The origin of this discussion was the observation that the past perfect was redundant because the situation was already clear. This seems to stray over into what linguists call redundancy. By the same argument, the simple past form of verbs could be removed for most sentences including the word 'yesterday'. In the case of the perfect you have options (as you typically do with selecting aspect) and both remain grammatical, whereas in the past tense case, you end up producing an ungrammatical sentence. But that doesn't argue any more for getting rid of 'had' than for the avoidance of determiners when an anarthrous noun would do or the selection of the progressive aspect. Yet nobody seems to be arguing for these.

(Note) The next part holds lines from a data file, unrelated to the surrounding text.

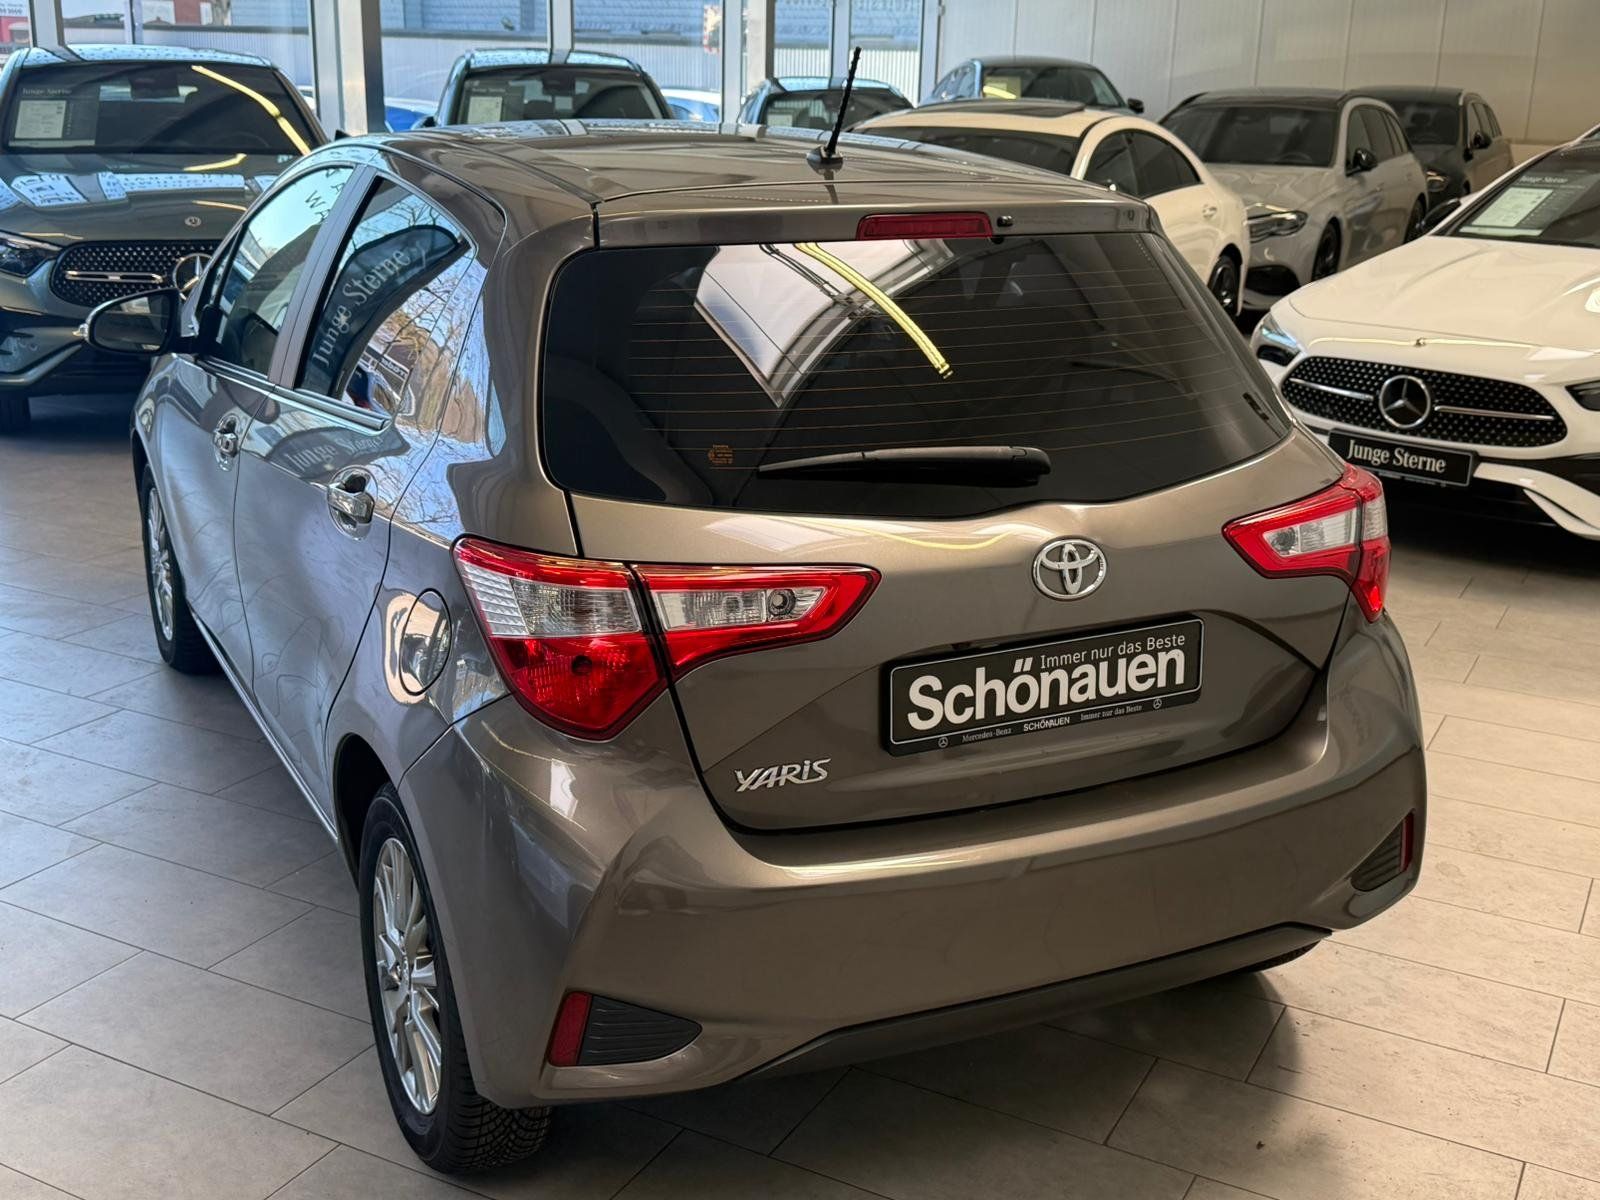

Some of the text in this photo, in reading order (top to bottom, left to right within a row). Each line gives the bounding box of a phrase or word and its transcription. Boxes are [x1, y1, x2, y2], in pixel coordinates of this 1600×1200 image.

[312, 305, 353, 367] Junge
[343, 249, 413, 307] Sterne
[1347, 439, 1446, 474] Junge Sterne
[1040, 634, 1186, 669] Immer nur das Beste
[907, 648, 1186, 731] Schönauen
[961, 727, 1012, 743] Mercedes-Benz
[1023, 716, 1071, 732] SCHÖNAUEN
[1080, 711, 1101, 721] Immer
[1114, 707, 1125, 715] das
[1125, 704, 1143, 713] Beste
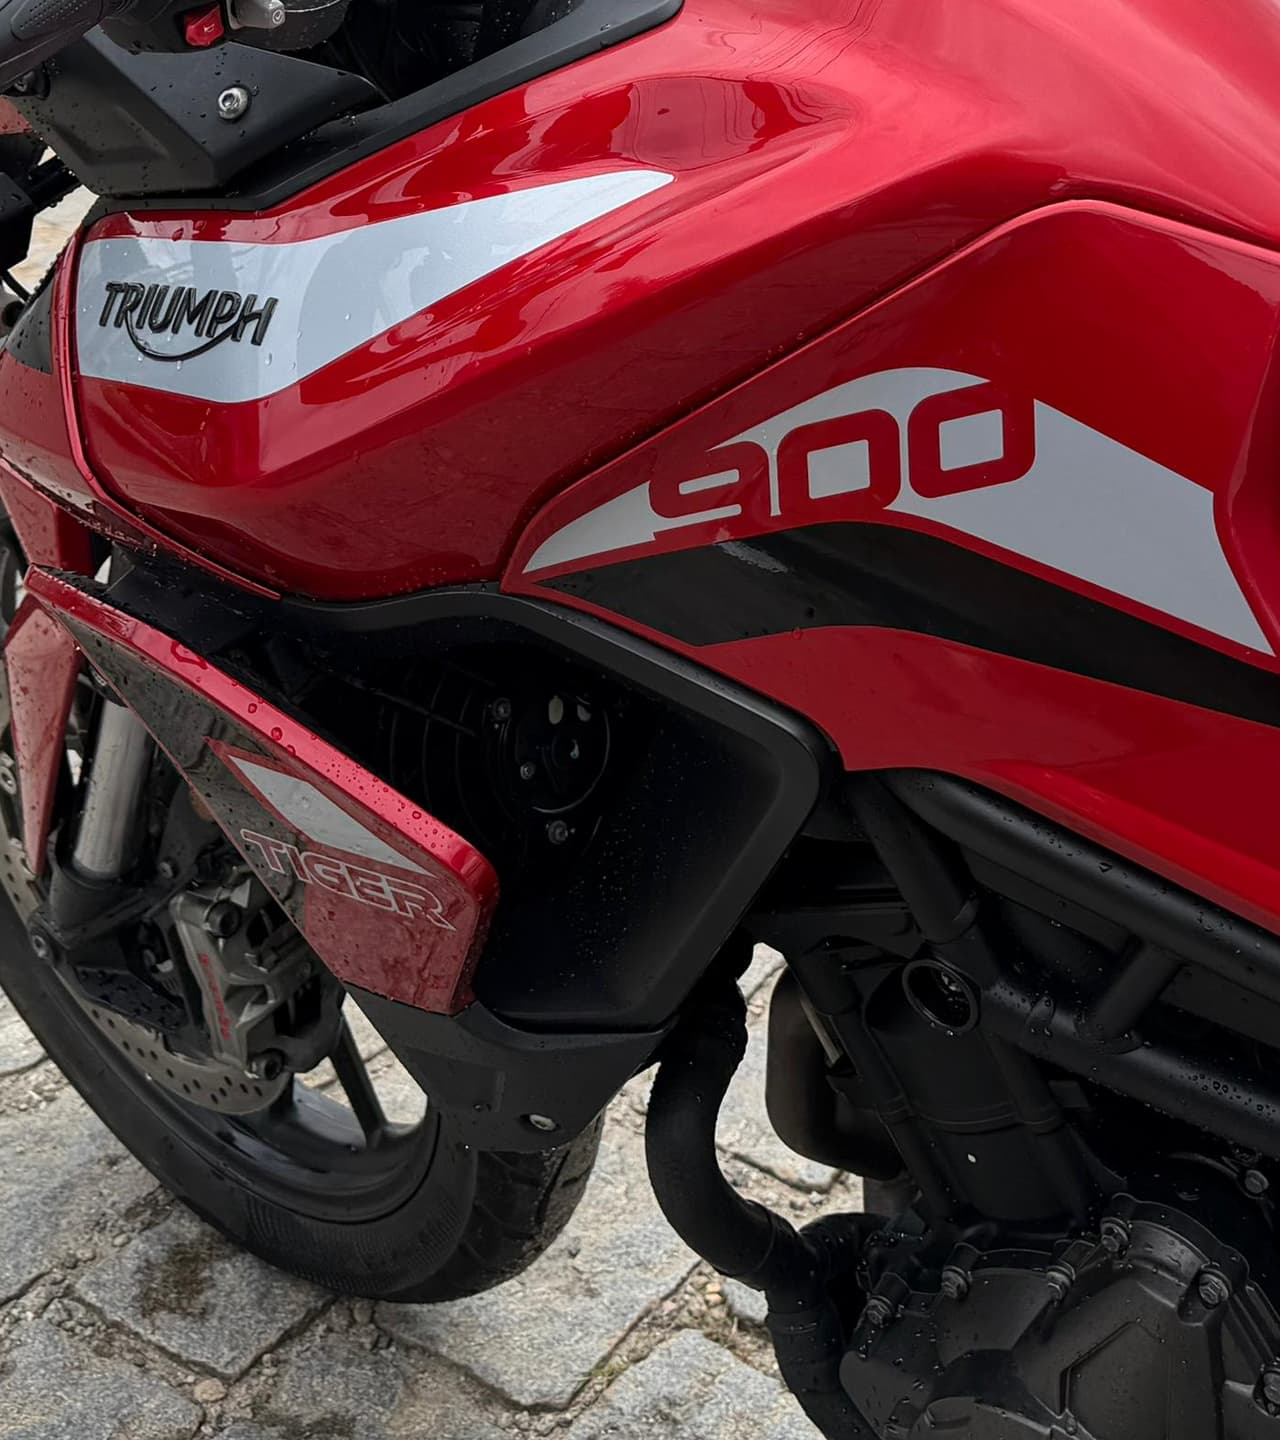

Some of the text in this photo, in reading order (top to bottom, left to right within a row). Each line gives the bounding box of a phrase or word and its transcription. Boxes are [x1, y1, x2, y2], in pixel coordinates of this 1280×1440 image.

Even if we limit ourselves to the writing teacher's concept of redundancy, though, I see nothing at all wrong with 'a pair of twins'. It allows the speaker to clarify that they* are not speaking of one member of the pair, of a group of twins, or indeed of twins in general. Much criticism of redundancy seems to be merely a failure of imagination on the side of the critic along these lines. 

Too often, picking on pleonasm is a mere effort to make concrete a craft that is hard to define. Where it's difficult to make useful comments on a piece of writing, it's easy to vent frustration by striking down words left and right. In the end, many writing teachers, often in thrall to Strunk's injunction 'omit needless words' (see <http://arnoldzwicky.wordpress.com/2009/06/27/omit-needless-postings/>), end up imposing their personal peccadilloes on their students in the name of reducing repetition. This is exactly what Brad is doing with his campaign against the perfect aspect.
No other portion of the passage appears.